BBWN: Even in 5G's early days, fiber deployment appears unstoppable -- and there still are no apparent, mainstream use-cases for gigabit.
KM: When we look just at the fiber industry in North America, for example, in the US we have 41 million homes marketed today and 18.6 million homes connected. (By the way, I'm chairman of the Fiber Broadband Association, so I have access to a lot of this information.) That's 17% growth in 2018 over 2017. Now we're at 59.9 million homes marketed and 23.8 million homes connected, which is 22% growth over 2018, that's according to a study by RVA.
That fiber is feeding an economic engine. There's cloud computing that's allowing hosted server/storage for terabytes of data. There's streaming video, which now accounts for 70% of traffic and it's growing. There's the smart cities that have electrical grid management, traffic management and is very progressive in some of these areas. The Internet of Things: One of the forecasts, and there are many, projects there'll be 50 billion connected devices by 2020, which is not too far away as I recall! We're at 2019 -- but hundreds of devices in each home, which is kind of hard to imagine.
We're all on the verge of the Internet of Things, with millions and billions of devices connected to the network for simultaneous use, all collectively generating a greater demand for bandwidth.
BBWN: You have spoken before about the importance of multi-access edge compute (MEC) to operators, to fiber, to Clearfield.
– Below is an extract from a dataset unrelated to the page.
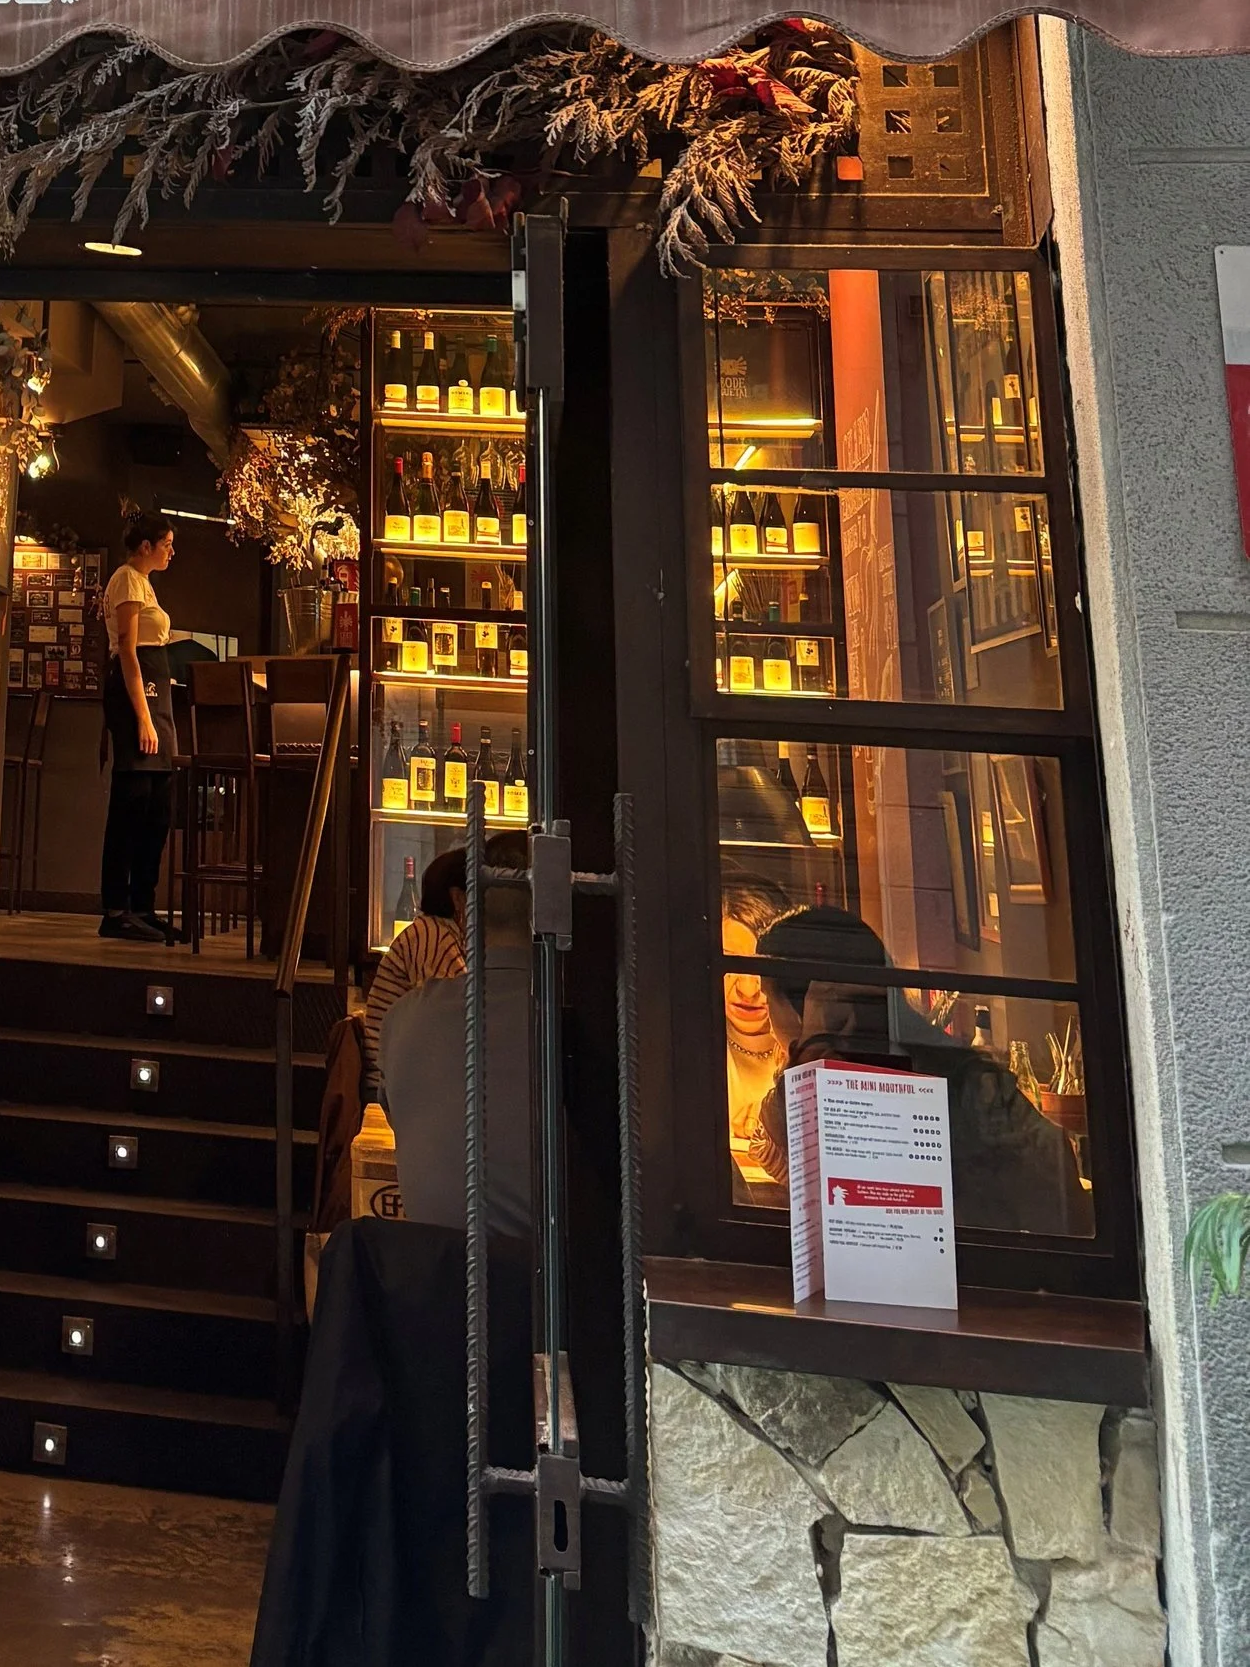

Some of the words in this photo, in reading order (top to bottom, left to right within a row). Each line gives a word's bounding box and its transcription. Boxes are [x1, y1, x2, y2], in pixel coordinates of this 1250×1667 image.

[845, 1079, 859, 1091] THE
[860, 1080, 877, 1093] MINI
[878, 1082, 916, 1095] MOUTHFUL
Care to elaborate?
KM: MEC is really going to start to happen in network infrastructure a couple of years out. [With MEC] you push that processing power out further to the edge -- to devices themselves -- and MEC is going to be a term that describes more than just what's happening in the network infrastructure.
It'll also be happening in the devices themselves. With all these millions and millions of devices in the edge of the network, there's going to be a need for processing to be handled in each device that otherwise would have been dependent on coming back to the cloud. When that happens, it's going to demand a lot more fiber capacity and a lot more fiber roll-outs.
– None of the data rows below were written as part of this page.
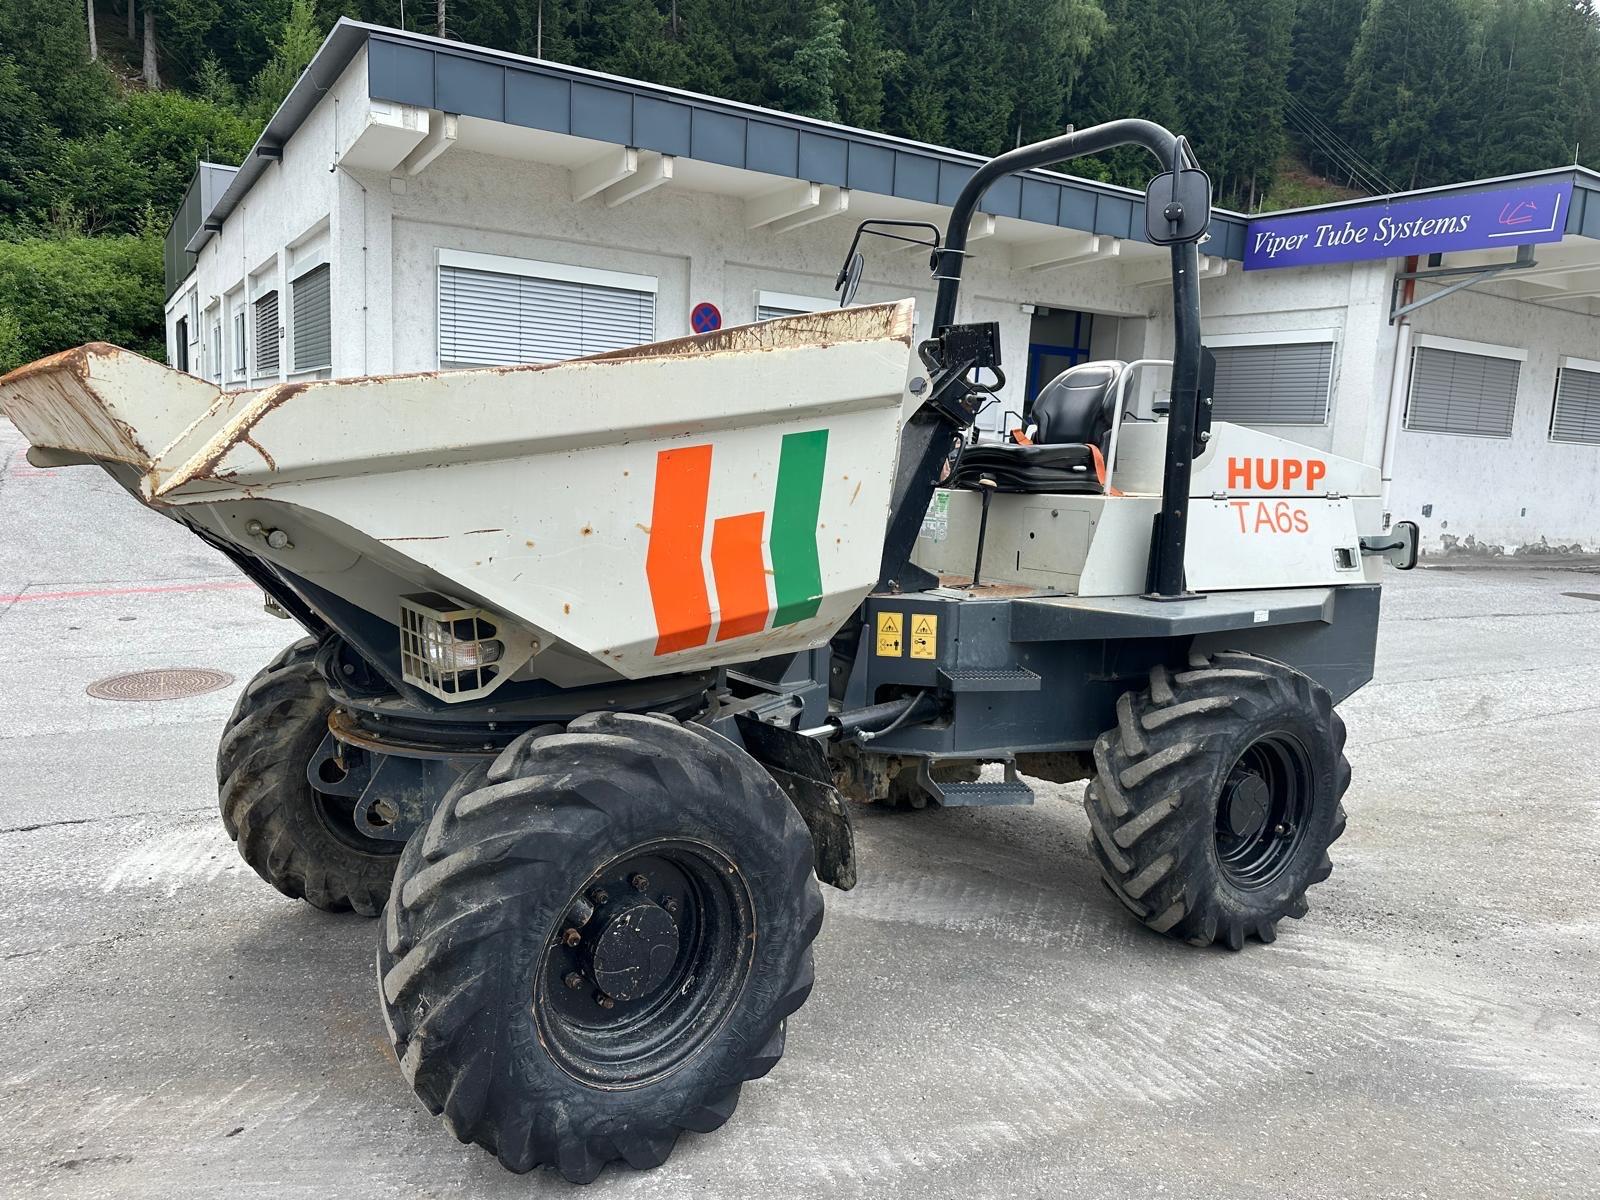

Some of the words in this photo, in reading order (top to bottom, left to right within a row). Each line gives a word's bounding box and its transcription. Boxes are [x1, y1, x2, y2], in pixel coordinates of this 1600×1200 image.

[1254, 231, 1309, 258] Viper
[1313, 221, 1369, 248] Tube
[1372, 214, 1471, 247] Systems
[1227, 457, 1327, 491] HUPP
[1230, 501, 1309, 534] TA6s
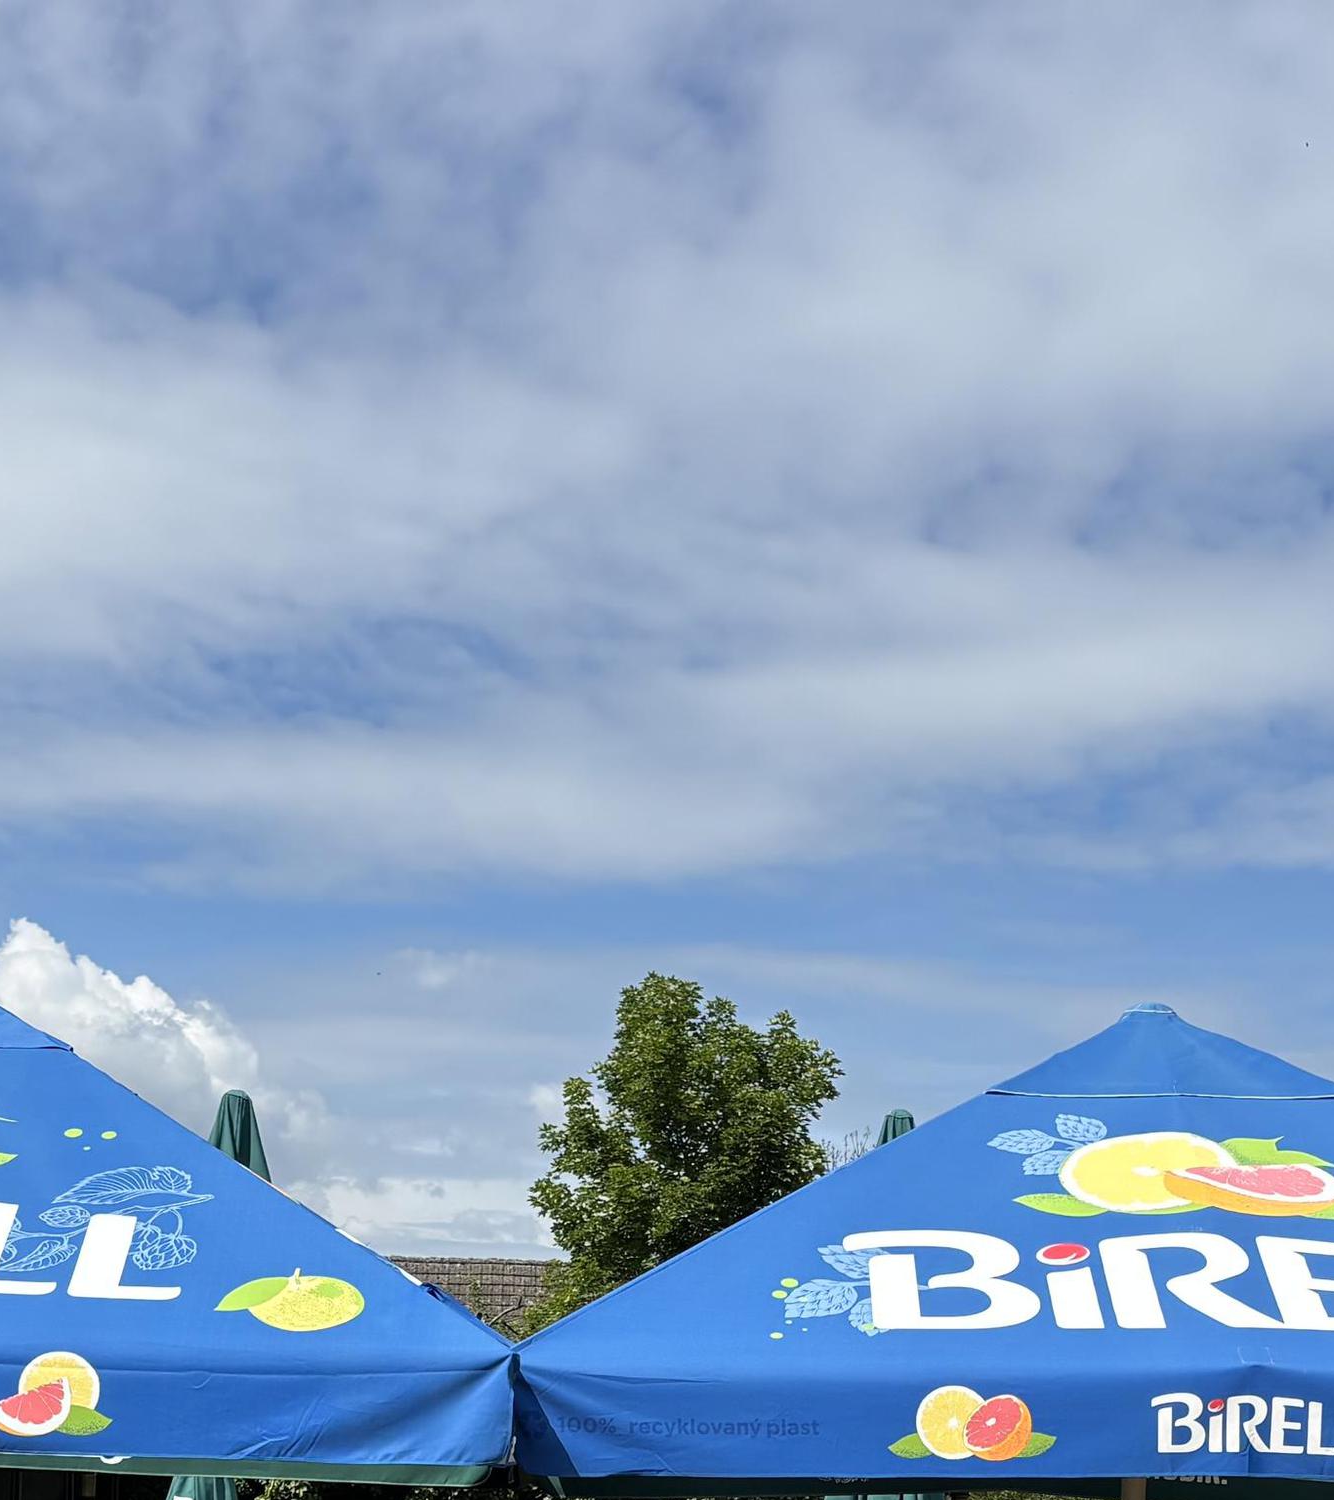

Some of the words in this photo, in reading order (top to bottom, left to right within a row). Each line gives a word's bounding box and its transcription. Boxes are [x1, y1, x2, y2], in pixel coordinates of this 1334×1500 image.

[558, 1416, 618, 1435] 100%
[629, 1417, 761, 1438] recyklovaný
[765, 1418, 822, 1439] plast
When you look at a network build or network infrastructure, which is what we are most interested in... we're talking by 2021 it being shaped by three things: The need for the most reliable electrical power, secure locations and good fiber connectivity. That really entails rolling out some things like powered-up cabinets.
BBWN: What are some of the other trends shaping operator buying decisions?
KM: When we look at surveys done of the network industry or 5G or small cells… top-of-mind for decision-makers are access to affordable sites, standard process for approval and cost of deployment. What is under our control … is lowering the opex cost, providing affordable backhaul and plug and play deployment processes.
There's a reason people want plug-and-play deployment. That reason has to do with the available employment force. The skilled labor shortage is intensifying. In one poll ... 89% of construction firms are facing these shortages. That's a big deal. Also, millennials are three times more likely to have more turnover than the generations before them. So when you have a labor shortage and the likelihood the people you hire for your construction and engineering firms are going to leave quicker, it basically forces this move towards providing services and products that require less skilled labor. And what that means for me is I need to get away from the requirement to have a certified fiber optic splicer technician in every location.